• How to complete this task:
Would you give the entries below again in full, exactly as they stand?

------ Available records

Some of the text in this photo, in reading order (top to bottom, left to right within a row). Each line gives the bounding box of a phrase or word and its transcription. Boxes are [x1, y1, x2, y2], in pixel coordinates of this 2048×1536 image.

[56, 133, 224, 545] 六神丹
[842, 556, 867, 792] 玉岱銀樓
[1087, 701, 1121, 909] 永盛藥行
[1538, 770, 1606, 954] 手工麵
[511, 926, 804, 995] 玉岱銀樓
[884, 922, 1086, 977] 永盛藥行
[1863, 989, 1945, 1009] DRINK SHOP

------------

• Exercise solution:
Some of the text in this photo, in reading order (top to bottom, left to right within a row). Each line gives the bounding box of a phrase or word and its transcription. Boxes are [x1, y1, x2, y2], in pixel coordinates of this 2048×1536 image.

[56, 133, 224, 545] 六神丹
[842, 556, 867, 792] 玉岱銀樓
[1087, 701, 1121, 909] 永盛藥行
[1538, 770, 1606, 954] 手工麵
[511, 926, 804, 995] 玉岱銀樓
[884, 922, 1086, 977] 永盛藥行
[1863, 989, 1945, 1009] DRINK SHOP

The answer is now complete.